Request an Annual Quote

Liquid Biopsy Shows Promise for Monitoring Childhood Brain Tumors

NEW YORK (GenomeWeb) – New research by investigators at the University of California, San Francisco and the Children's National Health System, has provided early evidence that liquid biopsy testing could help doctors monitor how well treatments are working in kids with diffuse midline gliomas.

Brain cancers present a challenge for longitudinal monitoring, because obtaining repeat biopsy samples is dangerous and difficult. But liquid biopsy techniques have now opened the possibility of tracking these and other tumors over time based on analysis of tumor genetic material that is shed into the blood or other body fluids.

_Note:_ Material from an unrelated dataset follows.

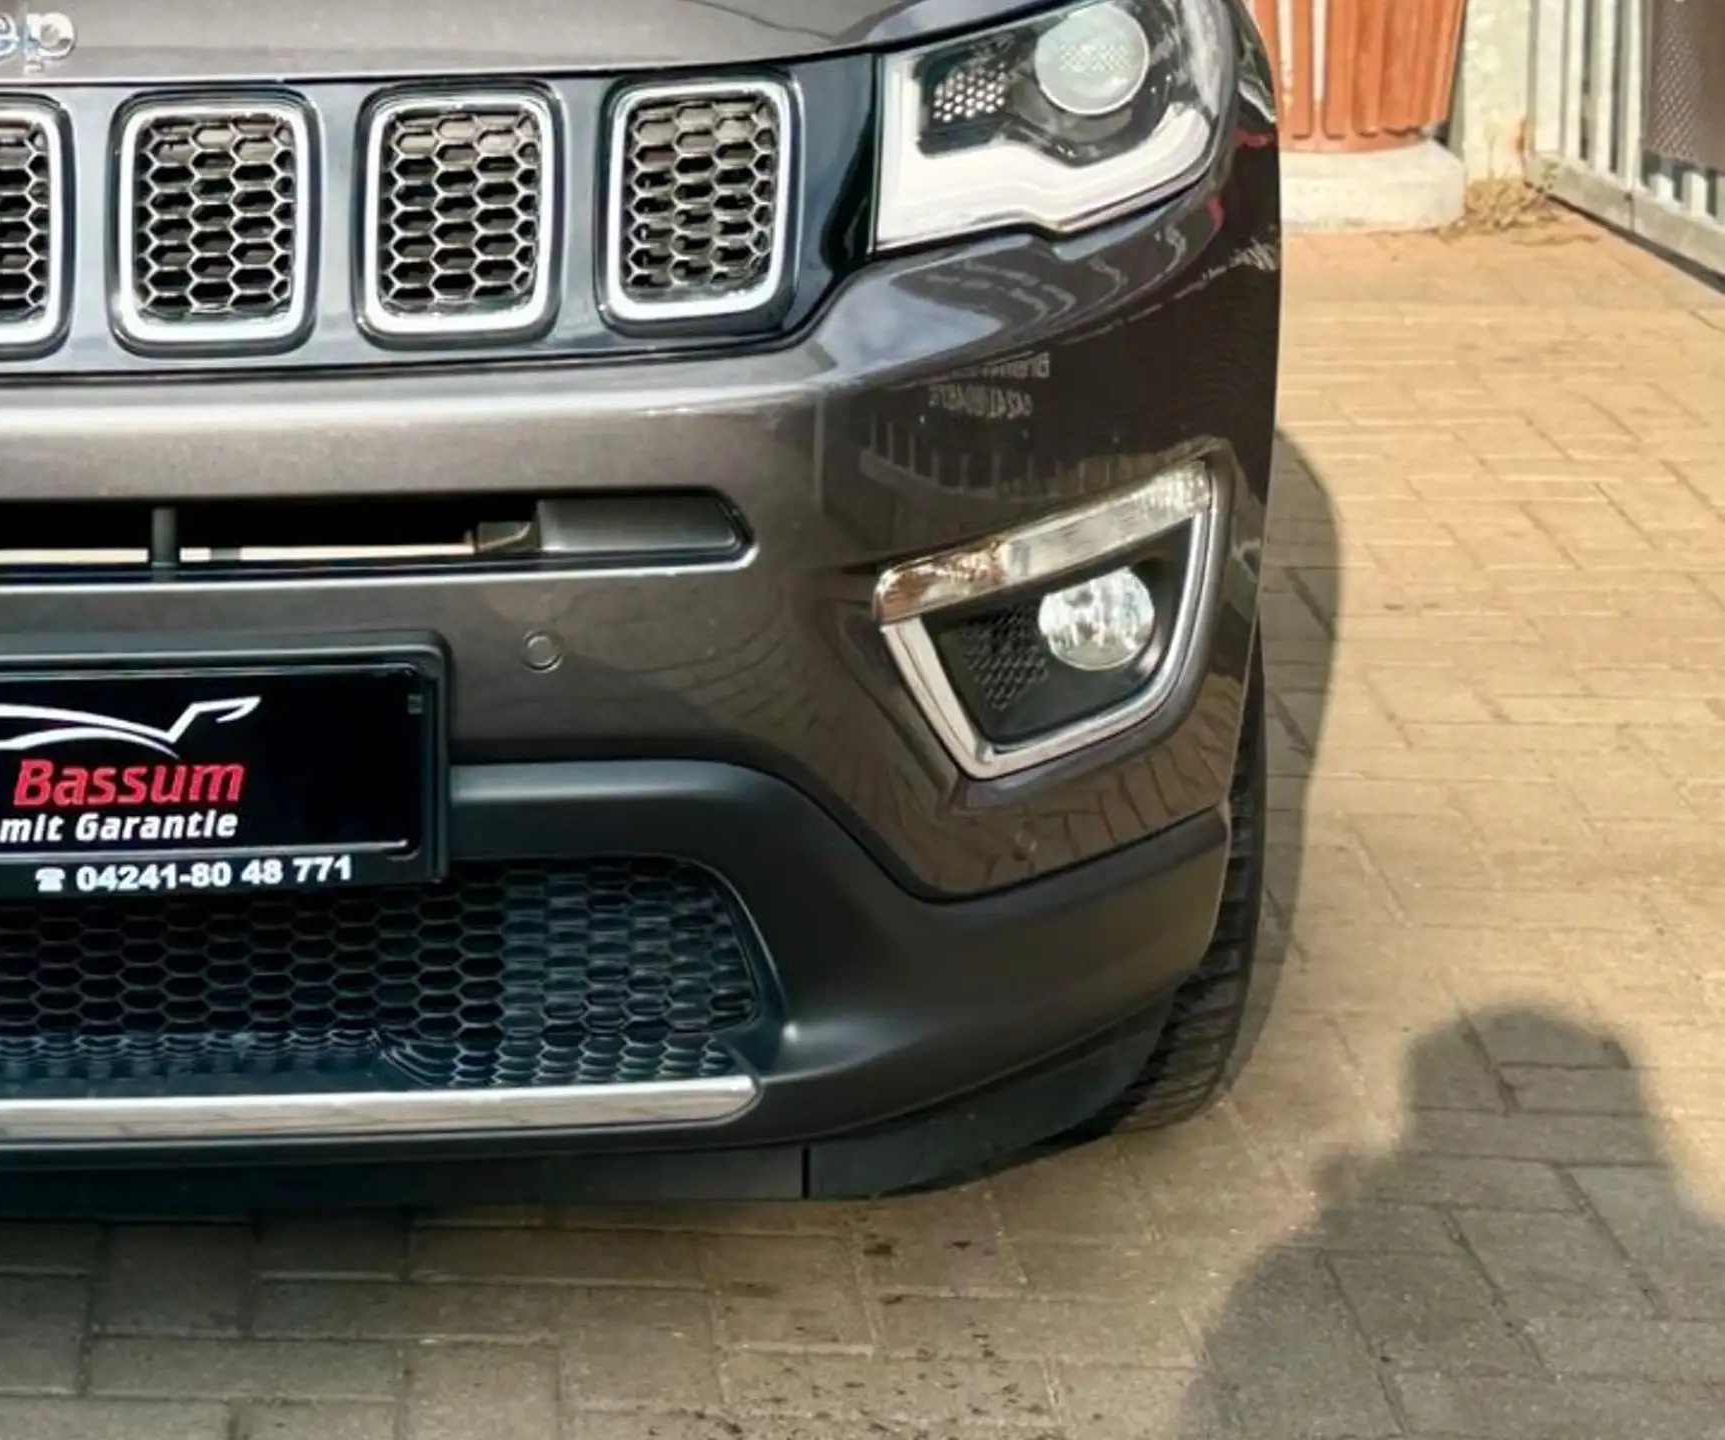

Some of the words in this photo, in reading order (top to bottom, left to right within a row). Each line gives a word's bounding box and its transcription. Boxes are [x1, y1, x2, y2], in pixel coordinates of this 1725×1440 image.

"At a time when neuro-oncologists are reimagining treatment … and turning to targeted therapies that match a tumor's mutations, there is a heightened need to monitor tumor growth, evolution, and response to treatment," co-senior author Javad Nazarian, a researcher at Children's National Health System and George Washington University School of Medicine, said in a statement.

Monitoring cancer using blood-borne DNA mutations has already been explored in other cancer types, including melanoma, lung, breast, and colon cancers, and some adult brain tumors. But this is the first use of the technique in a pediatric brain tumor population in a clinical trial, Nazarian wrote.

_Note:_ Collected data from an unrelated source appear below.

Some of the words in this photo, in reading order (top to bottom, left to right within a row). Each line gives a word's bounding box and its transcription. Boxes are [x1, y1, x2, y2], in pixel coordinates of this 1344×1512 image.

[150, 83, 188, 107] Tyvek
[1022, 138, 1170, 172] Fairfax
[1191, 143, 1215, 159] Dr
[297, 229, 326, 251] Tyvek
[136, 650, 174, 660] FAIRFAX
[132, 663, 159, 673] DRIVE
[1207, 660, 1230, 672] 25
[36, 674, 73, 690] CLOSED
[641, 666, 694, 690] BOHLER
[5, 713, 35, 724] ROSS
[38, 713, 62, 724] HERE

In the group's study released online in Clinical Cancer Research today, investigators reported on their analysis of blood and cerebral spinal fluid samples from 48 children diagnosed with diffuse midline glioma (DMG) — 30 CSF, 79 plasma, and one cyst fluid sample in total.

The CSF samples were all collected at a single time point either at pretreatment, during therapy, or at postmortem from 27 patients. Plasma specimens were obtained starting at diagnosis, and longitudinally throughout treatment from patients with an aggressive subtype of DMG, called diffuse intrinsic pontine glioma (DIPG), enrolled in PNOC003

Using BioRad's droplet digital PCR technology, the team created an assay to quantify levels of a mutation, H2K27M, which is known to be present in over 70 percent of patients with DMG, and which correlates with a poorer clinical outcome and is used as a criterion for enrollment in clinical trials.

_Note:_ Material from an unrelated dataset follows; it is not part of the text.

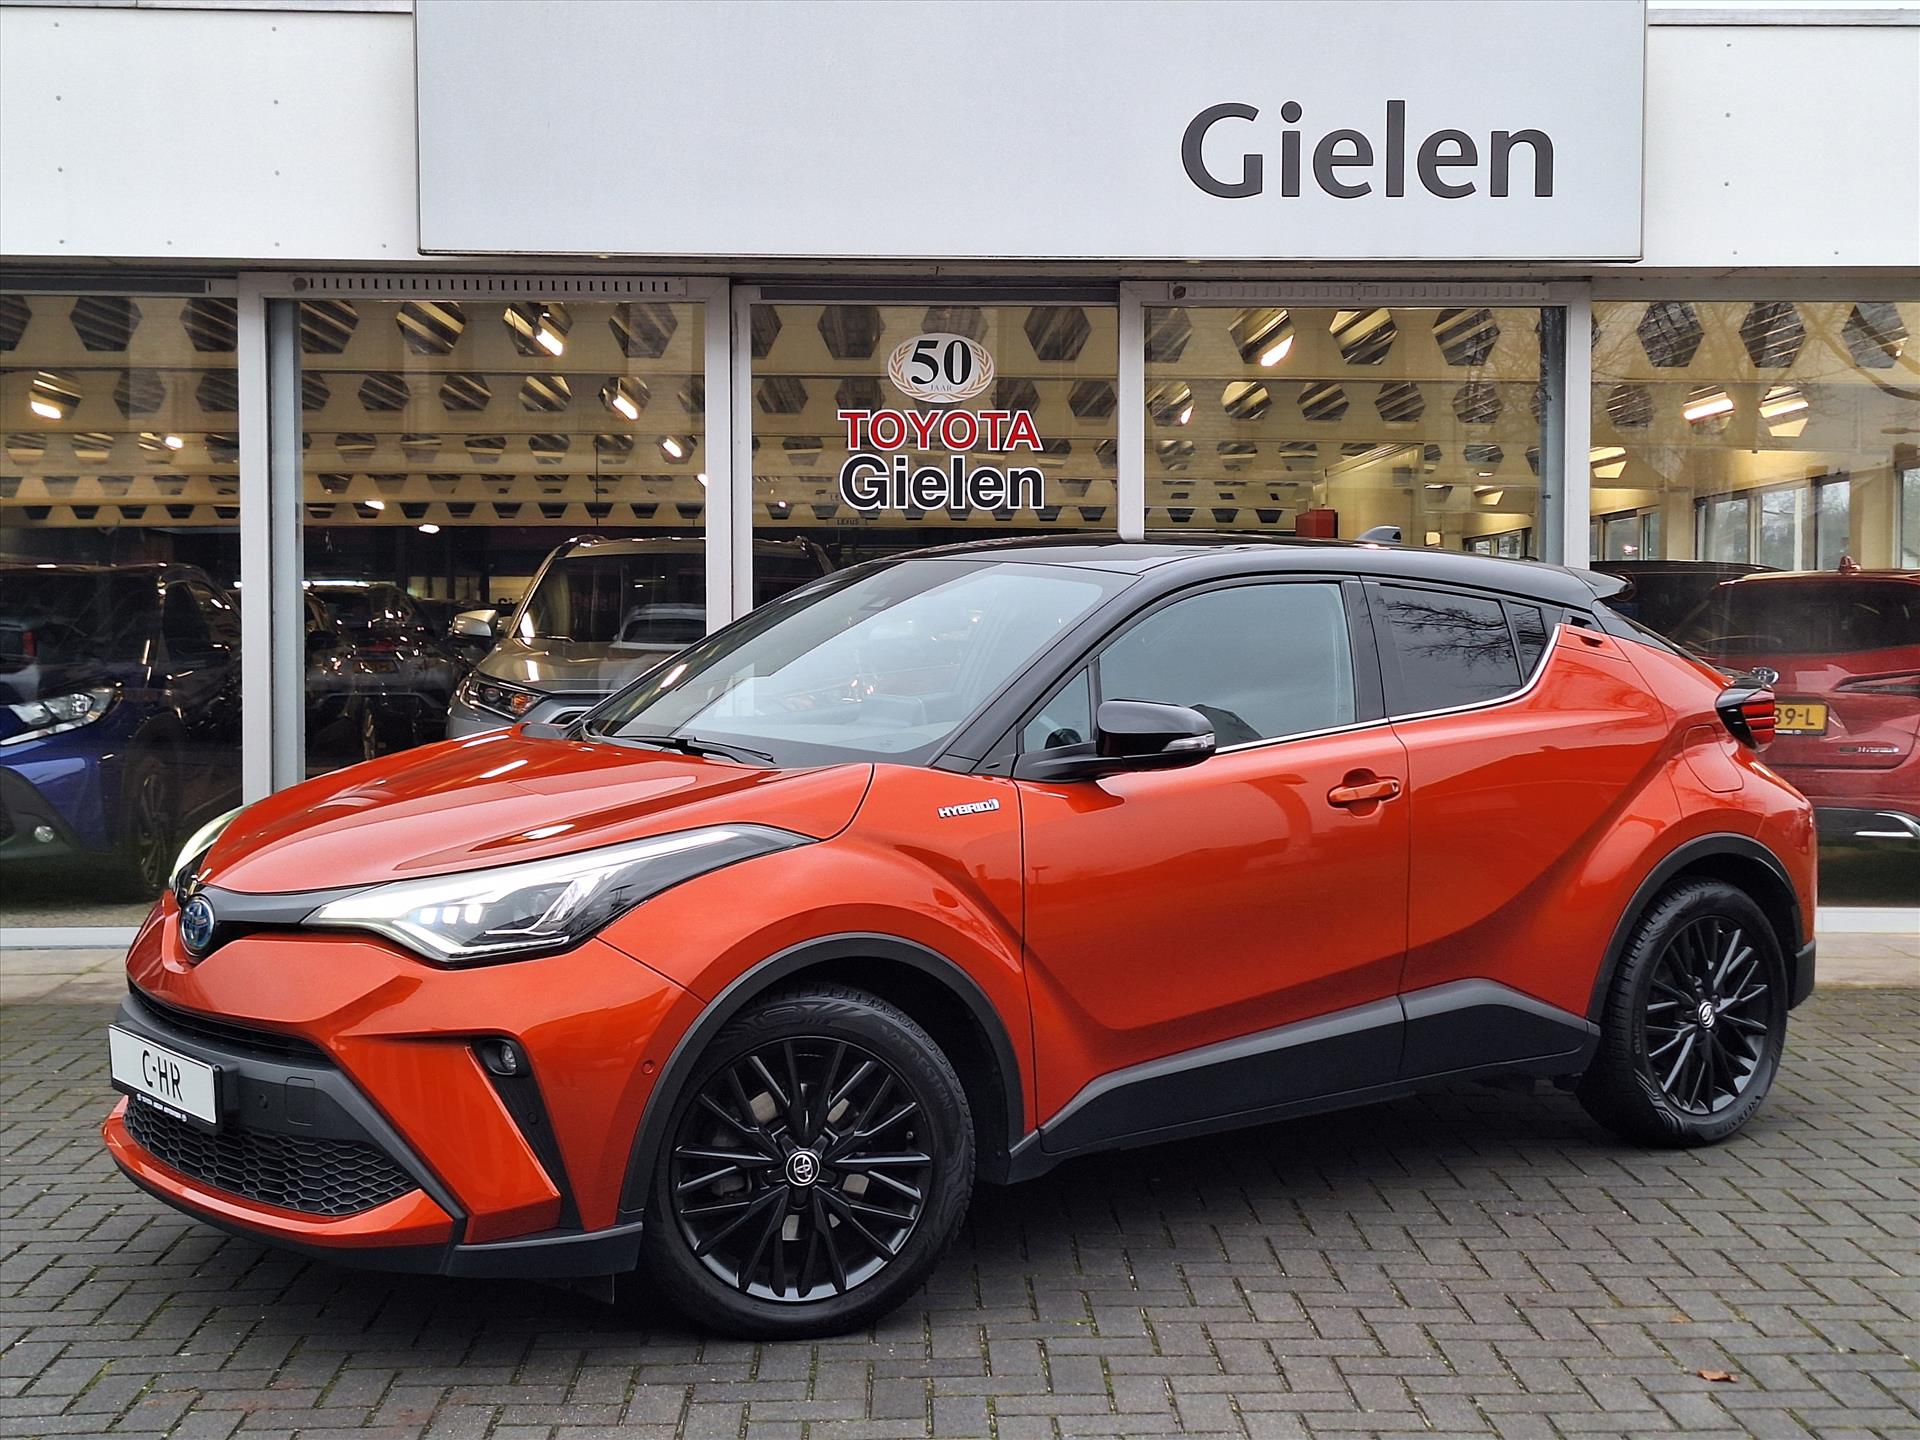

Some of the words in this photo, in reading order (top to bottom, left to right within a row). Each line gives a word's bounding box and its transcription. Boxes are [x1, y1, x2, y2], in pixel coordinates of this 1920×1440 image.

The authors reported that they were able to identify H3K27M in pre-treatment samples from 42 of the 48 patients, a frequency that is comparable to what is seen in tissue samples. Cerebral spinal fluid had more mutated DNA present, overall, than blood, they added.

In a subset of children with DIPG who had liquid biopsy testing before and after radiation treatment in a clinical trial, investigators saw that the circulating tumor DNA decreased significantly, indicating that the therapy was working, and the tumor had receded. Researchers calculated that there was an agreement of 75 percent between ctDNA response (a 50 percent decrease or more) and MRI tumor volume measurements (at least 10 percent decrease).

In nine of the children with DIPG who underwent precision therapy with drugs that matched the mutations identified by the liquid biopsy testing, authors reported that this treatment led to a drop in circulating tumor DNA. Three of five patients also showed an increase in plasma ctDNA at progression.

"Physicians rely on clinical exams and MRIs to assess response to therapy, although both of these methods are limited in sensitivity and specificity," Sabine Mueller, a pediatric neuro-oncologist at UCSF Benioff Children's Hospital and a co-author of the study, said in a statement.

Subtle tumor growth, for example, may not be evident on MRI, authors argued. In addition, clear growth in an imaging scan may not actually mean a tumor is not responding, because radiation and certain other treatments can cause inflammation that masquerades as growth.

Besides just looking at levels of H3K27M, the team also explored the feasibility of multiplexed testing of other driver mutations, including mutant and wild-type alleles for oncohistone and obligate partners in ACVR1, PIK3R1, or BRAF.

The authors wrote that they believe that their proof of principle has shown CSF and plasma ctDNA analysis in children with DMG to be feasible as a tool for detecting mutational load, providing additional means for molecular disease characterization, and "most importantly" as an additional method for assessing tumor response to treatment.

The team also suggested that the method could have similar utility in other other childhood central nervous system cancers.